--- Information ---
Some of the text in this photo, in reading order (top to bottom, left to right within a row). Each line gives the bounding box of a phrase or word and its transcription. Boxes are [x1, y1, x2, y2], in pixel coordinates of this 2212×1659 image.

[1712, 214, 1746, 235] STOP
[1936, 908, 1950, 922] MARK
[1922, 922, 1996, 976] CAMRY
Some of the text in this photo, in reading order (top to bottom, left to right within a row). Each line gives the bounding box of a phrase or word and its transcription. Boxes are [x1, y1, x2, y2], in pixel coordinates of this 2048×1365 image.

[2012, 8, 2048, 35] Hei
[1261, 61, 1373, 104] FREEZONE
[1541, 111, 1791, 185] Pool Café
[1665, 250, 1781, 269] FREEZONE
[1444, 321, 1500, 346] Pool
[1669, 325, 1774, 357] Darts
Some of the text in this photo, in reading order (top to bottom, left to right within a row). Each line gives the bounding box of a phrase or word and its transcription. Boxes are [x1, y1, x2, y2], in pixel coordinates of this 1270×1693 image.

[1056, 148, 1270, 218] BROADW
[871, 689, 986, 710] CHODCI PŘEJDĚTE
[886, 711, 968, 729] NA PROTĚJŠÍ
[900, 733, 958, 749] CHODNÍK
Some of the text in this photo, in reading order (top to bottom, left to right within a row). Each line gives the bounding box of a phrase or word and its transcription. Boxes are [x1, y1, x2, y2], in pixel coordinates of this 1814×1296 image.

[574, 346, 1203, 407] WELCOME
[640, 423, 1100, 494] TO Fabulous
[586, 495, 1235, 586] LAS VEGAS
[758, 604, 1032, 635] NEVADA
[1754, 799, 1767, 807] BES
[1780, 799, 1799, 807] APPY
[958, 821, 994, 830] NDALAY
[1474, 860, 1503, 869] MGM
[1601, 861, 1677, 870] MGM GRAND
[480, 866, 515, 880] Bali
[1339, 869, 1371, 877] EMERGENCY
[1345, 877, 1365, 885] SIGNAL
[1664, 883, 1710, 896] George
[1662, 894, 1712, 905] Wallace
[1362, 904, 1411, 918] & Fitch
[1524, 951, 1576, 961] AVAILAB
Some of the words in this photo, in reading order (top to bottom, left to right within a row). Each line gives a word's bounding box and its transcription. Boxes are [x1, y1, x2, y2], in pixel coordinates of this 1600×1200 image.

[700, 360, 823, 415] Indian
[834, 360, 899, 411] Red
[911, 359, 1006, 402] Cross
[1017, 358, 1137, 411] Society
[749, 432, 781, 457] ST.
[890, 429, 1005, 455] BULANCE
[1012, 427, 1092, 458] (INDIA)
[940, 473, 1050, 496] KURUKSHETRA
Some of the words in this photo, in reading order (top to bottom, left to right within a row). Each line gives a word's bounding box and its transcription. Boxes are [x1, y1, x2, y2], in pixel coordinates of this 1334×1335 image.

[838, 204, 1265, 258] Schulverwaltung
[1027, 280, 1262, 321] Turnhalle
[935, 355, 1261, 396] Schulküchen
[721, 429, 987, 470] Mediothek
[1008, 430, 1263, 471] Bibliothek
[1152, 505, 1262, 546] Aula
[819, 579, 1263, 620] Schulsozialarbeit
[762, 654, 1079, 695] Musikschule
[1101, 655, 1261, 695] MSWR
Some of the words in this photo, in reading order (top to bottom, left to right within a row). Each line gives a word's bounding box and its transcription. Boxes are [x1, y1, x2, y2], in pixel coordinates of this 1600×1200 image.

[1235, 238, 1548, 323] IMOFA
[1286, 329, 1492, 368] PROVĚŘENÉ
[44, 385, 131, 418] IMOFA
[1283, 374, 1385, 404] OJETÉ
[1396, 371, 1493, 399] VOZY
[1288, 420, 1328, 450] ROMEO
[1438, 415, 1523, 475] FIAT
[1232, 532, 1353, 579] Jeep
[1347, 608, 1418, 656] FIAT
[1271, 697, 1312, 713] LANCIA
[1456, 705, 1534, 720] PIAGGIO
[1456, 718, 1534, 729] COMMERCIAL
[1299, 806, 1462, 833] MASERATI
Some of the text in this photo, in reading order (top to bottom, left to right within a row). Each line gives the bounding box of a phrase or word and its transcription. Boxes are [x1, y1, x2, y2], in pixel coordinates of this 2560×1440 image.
---
→ **Your assignment**
All lines from the records above should be copied exactly.

→ **Task answer**
Some of the text in this photo, in reading order (top to bottom, left to right within a row). Each line gives the bounding box of a phrase or word and its transcription. Boxes are [x1, y1, x2, y2], in pixel coordinates of this 2212×1659 image.

[1712, 214, 1746, 235] STOP
[1936, 908, 1950, 922] MARK
[1922, 922, 1996, 976] CAMRY
Some of the text in this photo, in reading order (top to bottom, left to right within a row). Each line gives the bounding box of a phrase or word and its transcription. Boxes are [x1, y1, x2, y2], in pixel coordinates of this 2048×1365 image.

[2012, 8, 2048, 35] Hei
[1261, 61, 1373, 104] FREEZONE
[1541, 111, 1791, 185] Pool Café
[1665, 250, 1781, 269] FREEZONE
[1444, 321, 1500, 346] Pool
[1669, 325, 1774, 357] Darts
Some of the text in this photo, in reading order (top to bottom, left to right within a row). Each line gives the bounding box of a phrase or word and its transcription. Boxes are [x1, y1, x2, y2], in pixel coordinates of this 1270×1693 image.

[1056, 148, 1270, 218] BROADW
[871, 689, 986, 710] CHODCI PŘEJDĚTE
[886, 711, 968, 729] NA PROTĚJŠÍ
[900, 733, 958, 749] CHODNÍK
Some of the text in this photo, in reading order (top to bottom, left to right within a row). Each line gives the bounding box of a phrase or word and its transcription. Boxes are [x1, y1, x2, y2], in pixel coordinates of this 1814×1296 image.

[574, 346, 1203, 407] WELCOME
[640, 423, 1100, 494] TO Fabulous
[586, 495, 1235, 586] LAS VEGAS
[758, 604, 1032, 635] NEVADA
[1754, 799, 1767, 807] BES
[1780, 799, 1799, 807] APPY
[958, 821, 994, 830] NDALAY
[1474, 860, 1503, 869] MGM
[1601, 861, 1677, 870] MGM GRAND
[480, 866, 515, 880] Bali
[1339, 869, 1371, 877] EMERGENCY
[1345, 877, 1365, 885] SIGNAL
[1664, 883, 1710, 896] George
[1662, 894, 1712, 905] Wallace
[1362, 904, 1411, 918] & Fitch
[1524, 951, 1576, 961] AVAILAB
Some of the words in this photo, in reading order (top to bottom, left to right within a row). Each line gives a word's bounding box and its transcription. Boxes are [x1, y1, x2, y2], in pixel coordinates of this 1600×1200 image.

[700, 360, 823, 415] Indian
[834, 360, 899, 411] Red
[911, 359, 1006, 402] Cross
[1017, 358, 1137, 411] Society
[749, 432, 781, 457] ST.
[890, 429, 1005, 455] BULANCE
[1012, 427, 1092, 458] (INDIA)
[940, 473, 1050, 496] KURUKSHETRA
Some of the words in this photo, in reading order (top to bottom, left to right within a row). Each line gives a word's bounding box and its transcription. Boxes are [x1, y1, x2, y2], in pixel coordinates of this 1334×1335 image.

[838, 204, 1265, 258] Schulverwaltung
[1027, 280, 1262, 321] Turnhalle
[935, 355, 1261, 396] Schulküchen
[721, 429, 987, 470] Mediothek
[1008, 430, 1263, 471] Bibliothek
[1152, 505, 1262, 546] Aula
[819, 579, 1263, 620] Schulsozialarbeit
[762, 654, 1079, 695] Musikschule
[1101, 655, 1261, 695] MSWR
Some of the words in this photo, in reading order (top to bottom, left to right within a row). Each line gives a word's bounding box and its transcription. Boxes are [x1, y1, x2, y2], in pixel coordinates of this 1600×1200 image.

[1235, 238, 1548, 323] IMOFA
[1286, 329, 1492, 368] PROVĚŘENÉ
[44, 385, 131, 418] IMOFA
[1283, 374, 1385, 404] OJETÉ
[1396, 371, 1493, 399] VOZY
[1288, 420, 1328, 450] ROMEO
[1438, 415, 1523, 475] FIAT
[1232, 532, 1353, 579] Jeep
[1347, 608, 1418, 656] FIAT
[1271, 697, 1312, 713] LANCIA
[1456, 705, 1534, 720] PIAGGIO
[1456, 718, 1534, 729] COMMERCIAL
[1299, 806, 1462, 833] MASERATI
Some of the text in this photo, in reading order (top to bottom, left to right within a row). Each line gives the bounding box of a phrase or word and its transcription. Boxes are [x1, y1, x2, y2], in pixel coordinates of this 2560×1440 image.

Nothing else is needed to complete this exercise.